What to do: What you hand back must match the records word for word, with no pictures.

Stored data entries:
::::::::

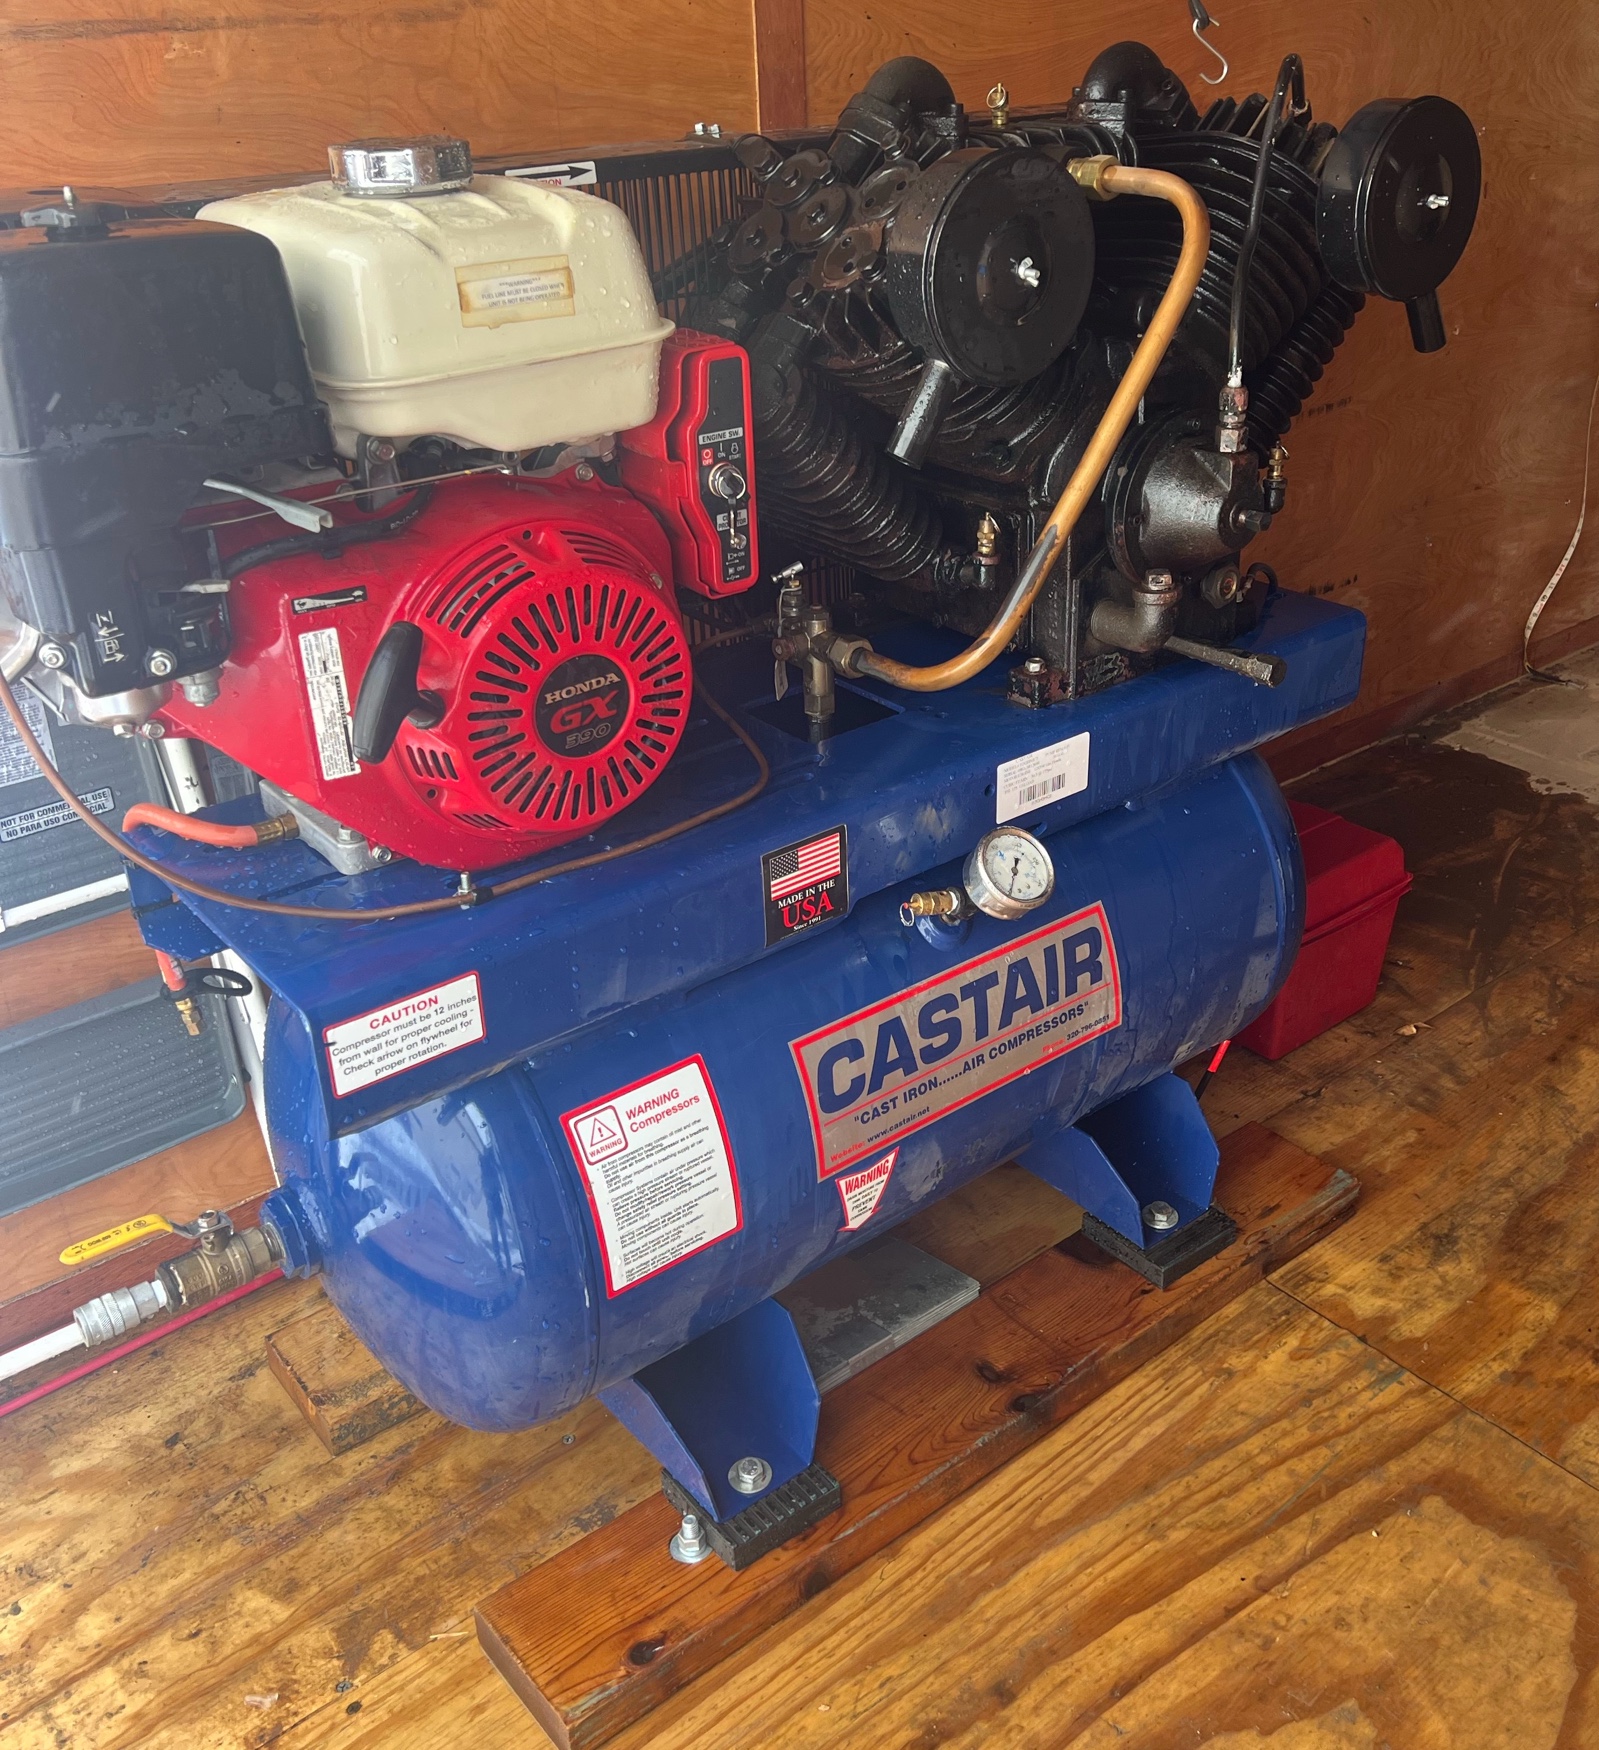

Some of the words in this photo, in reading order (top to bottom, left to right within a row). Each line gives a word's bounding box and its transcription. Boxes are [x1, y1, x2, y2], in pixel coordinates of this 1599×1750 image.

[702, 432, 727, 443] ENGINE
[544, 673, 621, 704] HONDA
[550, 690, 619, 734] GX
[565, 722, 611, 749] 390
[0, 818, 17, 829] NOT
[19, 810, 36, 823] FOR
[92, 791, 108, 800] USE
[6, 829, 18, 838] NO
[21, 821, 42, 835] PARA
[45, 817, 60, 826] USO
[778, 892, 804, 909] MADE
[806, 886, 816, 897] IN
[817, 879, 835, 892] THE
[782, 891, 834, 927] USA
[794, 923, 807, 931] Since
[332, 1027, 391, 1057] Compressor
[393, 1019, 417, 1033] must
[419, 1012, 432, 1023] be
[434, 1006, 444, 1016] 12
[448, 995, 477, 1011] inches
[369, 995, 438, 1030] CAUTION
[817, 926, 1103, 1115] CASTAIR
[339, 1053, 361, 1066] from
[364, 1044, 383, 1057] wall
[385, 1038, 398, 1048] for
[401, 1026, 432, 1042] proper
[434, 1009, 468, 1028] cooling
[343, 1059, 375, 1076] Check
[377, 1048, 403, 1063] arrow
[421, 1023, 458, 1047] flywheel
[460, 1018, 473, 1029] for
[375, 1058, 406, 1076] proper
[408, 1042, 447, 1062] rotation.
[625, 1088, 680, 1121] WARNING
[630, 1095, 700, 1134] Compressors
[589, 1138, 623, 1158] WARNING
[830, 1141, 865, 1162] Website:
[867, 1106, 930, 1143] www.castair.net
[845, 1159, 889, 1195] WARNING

::::::::

Output of the task:
Some of the words in this photo, in reading order (top to bottom, left to right within a row). Each line gives a word's bounding box and its transcription. Boxes are [x1, y1, x2, y2], in pixel coordinates of this 1599×1750 image.

[702, 432, 727, 443] ENGINE
[544, 673, 621, 704] HONDA
[550, 690, 619, 734] GX
[565, 722, 611, 749] 390
[0, 818, 17, 829] NOT
[19, 810, 36, 823] FOR
[92, 791, 108, 800] USE
[6, 829, 18, 838] NO
[21, 821, 42, 835] PARA
[45, 817, 60, 826] USO
[778, 892, 804, 909] MADE
[806, 886, 816, 897] IN
[817, 879, 835, 892] THE
[782, 891, 834, 927] USA
[794, 923, 807, 931] Since
[332, 1027, 391, 1057] Compressor
[393, 1019, 417, 1033] must
[419, 1012, 432, 1023] be
[434, 1006, 444, 1016] 12
[448, 995, 477, 1011] inches
[369, 995, 438, 1030] CAUTION
[817, 926, 1103, 1115] CASTAIR
[339, 1053, 361, 1066] from
[364, 1044, 383, 1057] wall
[385, 1038, 398, 1048] for
[401, 1026, 432, 1042] proper
[434, 1009, 468, 1028] cooling
[343, 1059, 375, 1076] Check
[377, 1048, 403, 1063] arrow
[421, 1023, 458, 1047] flywheel
[460, 1018, 473, 1029] for
[375, 1058, 406, 1076] proper
[408, 1042, 447, 1062] rotation.
[625, 1088, 680, 1121] WARNING
[630, 1095, 700, 1134] Compressors
[589, 1138, 623, 1158] WARNING
[830, 1141, 865, 1162] Website:
[867, 1106, 930, 1143] www.castair.net
[845, 1159, 889, 1195] WARNING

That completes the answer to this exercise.